Toda a sua vida, apesar de multifacetada, foi casuística e fortemente marcada pelos mistérios do Tarot: dessa atração, do seu acervo de vida e da sua ampla compreensão sobre a sociedade e sobre a ligações familiares ressoou a corrente metodológica do autor – A Psicomagia -.

A sua aldeia Natal, Tocopilla, coincidentemente ou não, situa-se no paralelo 22. O Tarot tem 22 arcanos maiores, facto que, desde de tenra idade, não passou incólume à superstição do autor.

Cada um dos 22 arcanos encontra-se desenhado dentro de um retângulo composto por dois quadrados (o quadrado superior simboliza o céu e a vida espiritual e o quadrado menor simboliza a terra e a vida material). No centro do retângulo encontra-se um terceiro quadrado, mais diminuto, que simboliza o homem – “a união entre a luz e a sombra”, aberto ao que vem de cima e laborioso na terra.

Voltemos então a Tocopilla e ás “coincidências” com o tarot:

em quéchua (língua de um antigo povo índio, pré-colombiano, que se estabeleceu nos andes do atual Peru e da Bolivia), Toco significa «duplo quadrado sagrado» e Pilla significa Diabo (terminologia que neste caso e segundo Jodorowsky não é uma assombração do mal, “mas um ser de uma dimensão subterrânea que assoma por uma janela feita de espirito e de matéria, o corpo, para observar o mundo e transmitir-lhe conhecimento).

Entre os mapuches, povo índio que aquando da conquista espanhola, habitava no sul do Chile, Pillán significa «alma, espírito humano chegado ao seu estado definitivo».

A este preceito nenhuma outra consideração pode ser mais elucidativa do que relembrar o que a este respeito diz o próprio Jodorowsky: “Às vezes interrogo-me se me deixei absorver pelo Tarot a maior parte da minha vida, devido à influencia que exerceu sobre mim o facto de ter nascido no paralelo 22, numa aldeia chamada duplo quadrado sagrado – janela por onde surge a consciência -, ou se não terei nascido ali apenas predestinado para fazer unicamente o que fiz, passados sessenta anos: restaurar o Tarot de Marselha e inventar a psicomagia. Será que existe um destino? É possível que a nossa vida esteja orientada para fins que ultrapassam os interesses individuais?”

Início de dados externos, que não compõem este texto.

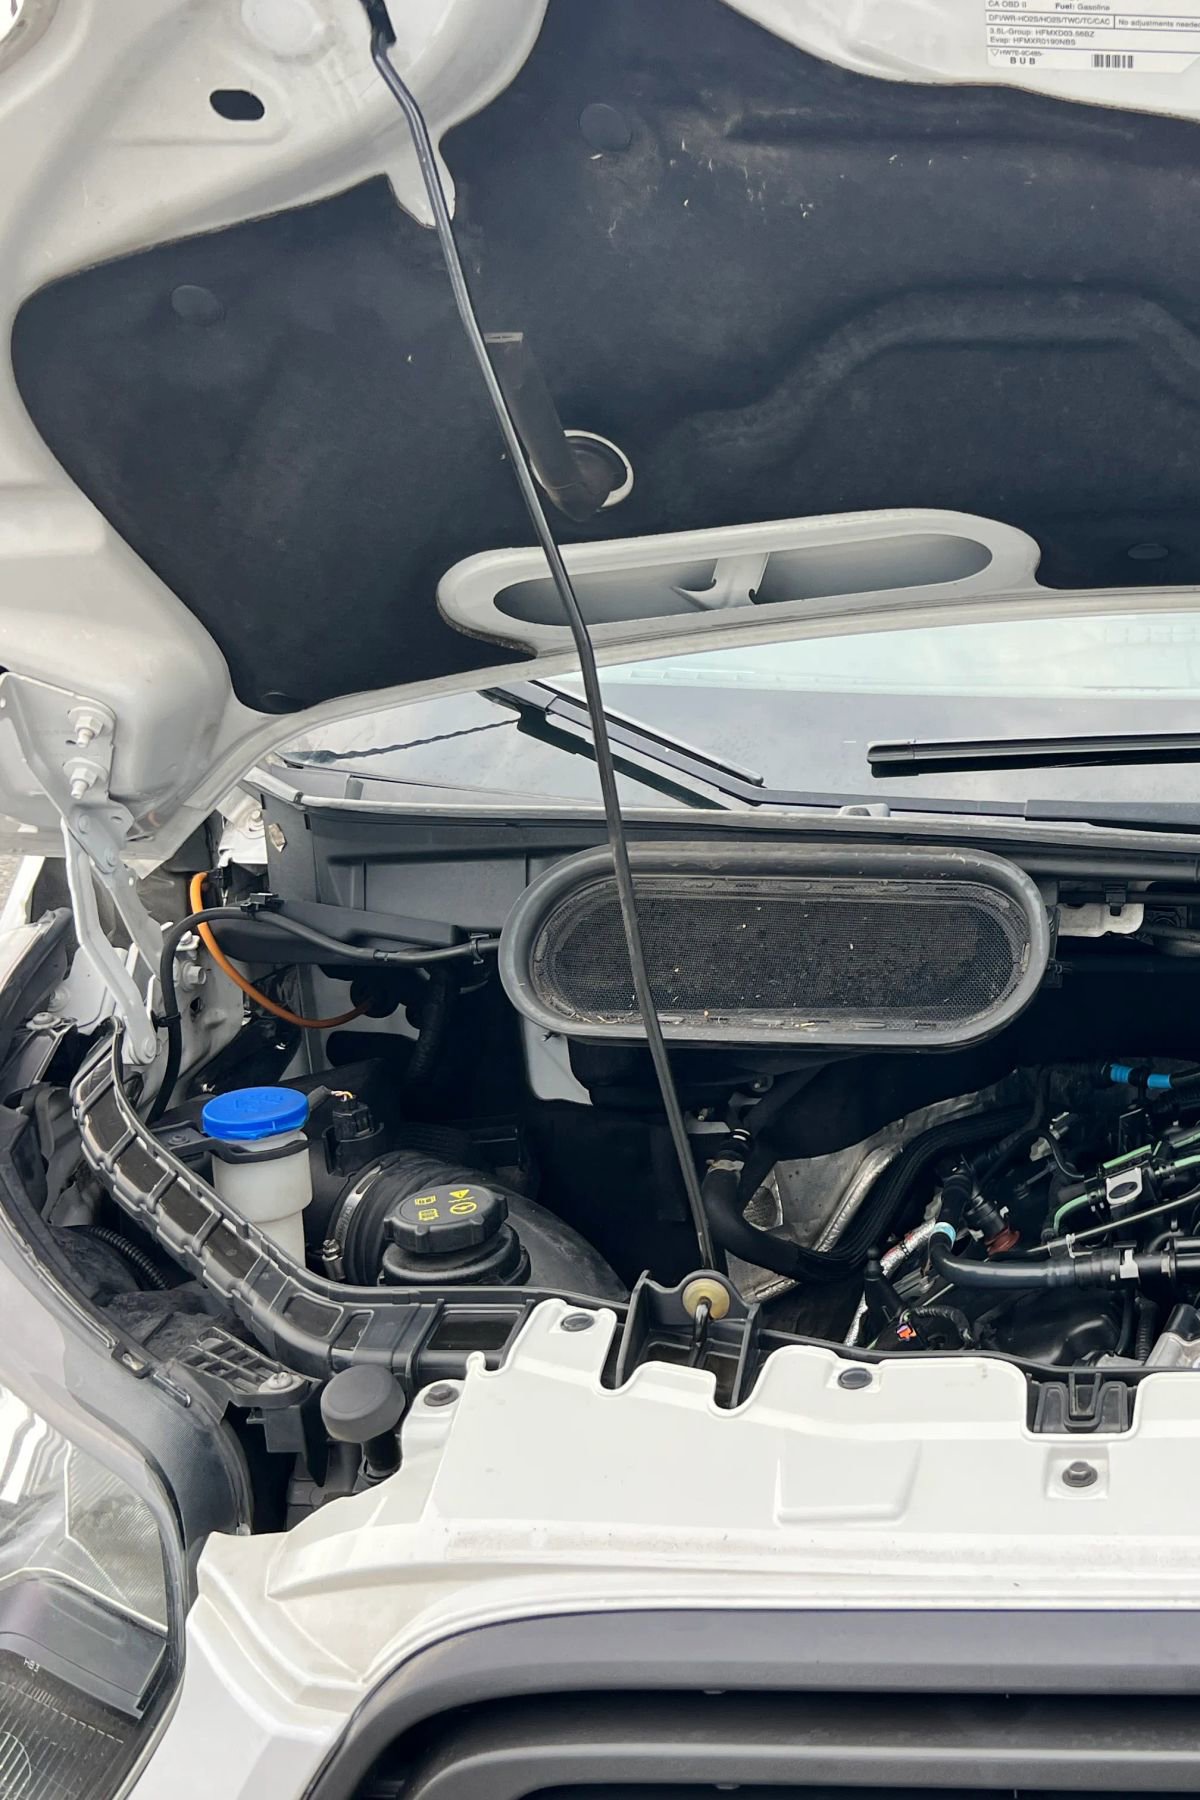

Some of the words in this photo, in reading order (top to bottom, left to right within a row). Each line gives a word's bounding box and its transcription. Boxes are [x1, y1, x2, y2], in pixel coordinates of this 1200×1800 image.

[1001, 0, 1020, 8] OBD
[1055, 2, 1074, 10] Fuel:
[1077, 3, 1111, 11] Gasoline
[1131, 19, 1174, 29] adjustments
[990, 36, 1010, 45] Evap:

Outra “coincidência” da vida deste ilustre, não muito conhecido, terapeuta foi o facto do seu primeiro grande mestre, no primeiro ano de escola em Tocopilla, se chamar Toro, muito parecido a Tarot.

Toro, por razões que só o próprio poderia atestar, ensinou Jodorowsky, então apenas com 4 anos de idade, a ler através de um método diferente do método convencional: mostrou-lhe um baralho de cartas com uma letra inscrita em cada carta, pediu-lhe para baralhar as cartas. Ato contínuo tirou aleatoriamente cartas do baralho e com as mesmas formou algumas palavras.

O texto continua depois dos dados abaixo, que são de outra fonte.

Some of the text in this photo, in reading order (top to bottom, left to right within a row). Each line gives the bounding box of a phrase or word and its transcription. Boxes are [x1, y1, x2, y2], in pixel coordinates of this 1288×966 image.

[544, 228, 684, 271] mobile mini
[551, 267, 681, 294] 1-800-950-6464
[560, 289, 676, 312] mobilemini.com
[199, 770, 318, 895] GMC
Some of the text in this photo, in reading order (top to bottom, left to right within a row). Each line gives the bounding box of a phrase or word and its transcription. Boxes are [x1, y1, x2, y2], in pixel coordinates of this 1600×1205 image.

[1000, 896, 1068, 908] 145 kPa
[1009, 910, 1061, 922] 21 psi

A primeira palavra que se formou foi OJO (OLHO). Jodorowsky rapidamente aprendeu a ler. No que a esse facto concerne, ter-lhe-á dito Toro: «». Não me surpreende que aprendas tão depressa, porque no meio do teu nome tens um olho de ouro». E colocou-lhe assim as cartas - «Alexandr OJO D ORO wsky

Jodorowsky aprendia tão facilmente que rapidamente foi colocado em sala de alunos mais velhos, maioritariamente filhos de mineiros desempregados («a derrocada da bolsa norte-americana tinha deixado na miséria 70% dos chilenos», palavras de Jodorowsky) em nada simpatizaram com ele, desde logo por ser superiormente dotado para o ensino e para a leitura.

Como Alejandro era descendente de judeus russos, tinha a pele muito branca e o nariz grande e um pouco curvilíneo, rapidamente o alcunharam de “Pinóquio” e de “Pernas de Leite”. Com os amigos que Alejandro tinha na escola, não precisava de inimigos e por isso protegia-se numa pequena biblioteca local, onde via e lia continuadamente um diversificado acervo de literatura.

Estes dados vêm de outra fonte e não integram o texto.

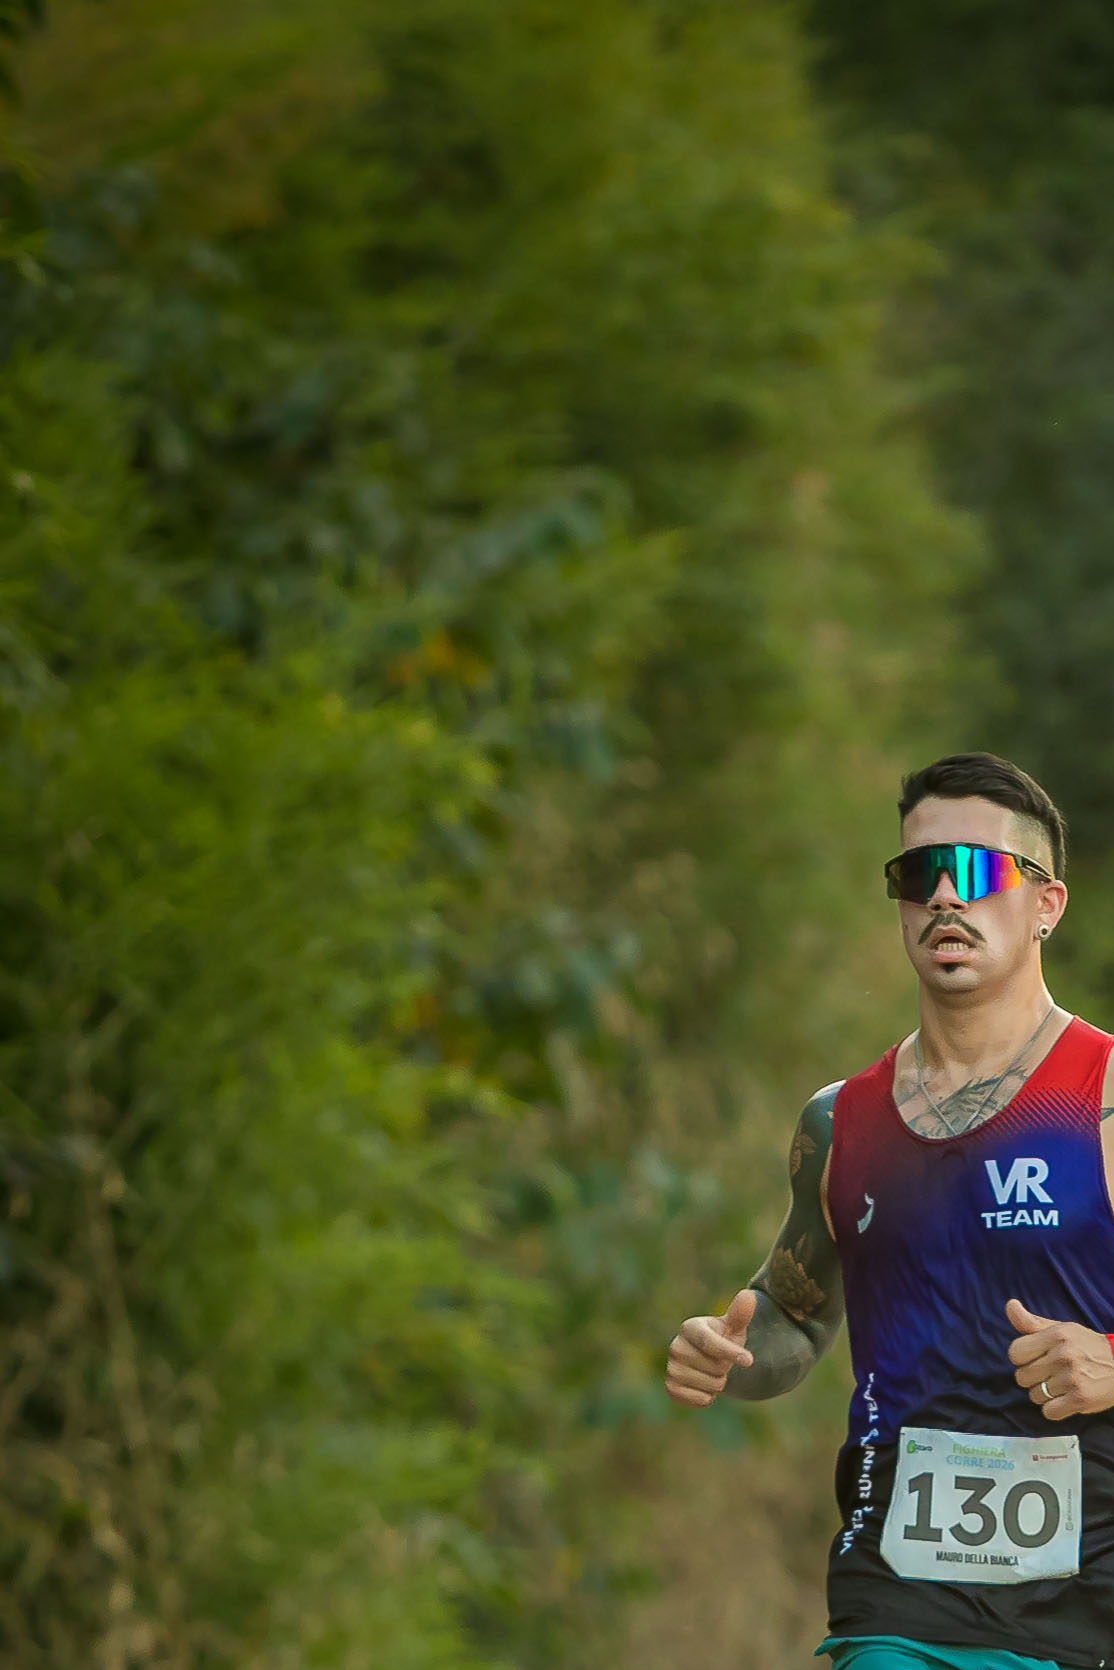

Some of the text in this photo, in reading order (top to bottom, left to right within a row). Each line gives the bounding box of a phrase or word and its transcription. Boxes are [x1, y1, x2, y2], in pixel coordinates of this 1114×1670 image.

[984, 1157, 1054, 1205] VR
[980, 1209, 1059, 1229] TEAM
[945, 1454, 1015, 1471] CORRE 2026
[903, 1471, 1060, 1548] 130
[936, 1551, 1019, 1566] MAURO DELLA BIANCA

Como o próprio conta, no seu Livro “A Dança da Realidade”, Editora A Esfera Dos Livros, pag. 12 e 15, “um dia, ao esgravatar por entre as filas de impressos, encontrei um volume amarelecido, «Les Tarots, par Etteilla». Por mais que tentasse lê-lo não conseguia. As letras tinham uma forma estranha, e as palavras eram incompreensíveis. Tive medo de me ter esquecido de ler. O bibliotecário, quando lhe transmiti a minha angústia desatou a rir: «Mas como é que hás-de compreender: está escrito em francês, ….».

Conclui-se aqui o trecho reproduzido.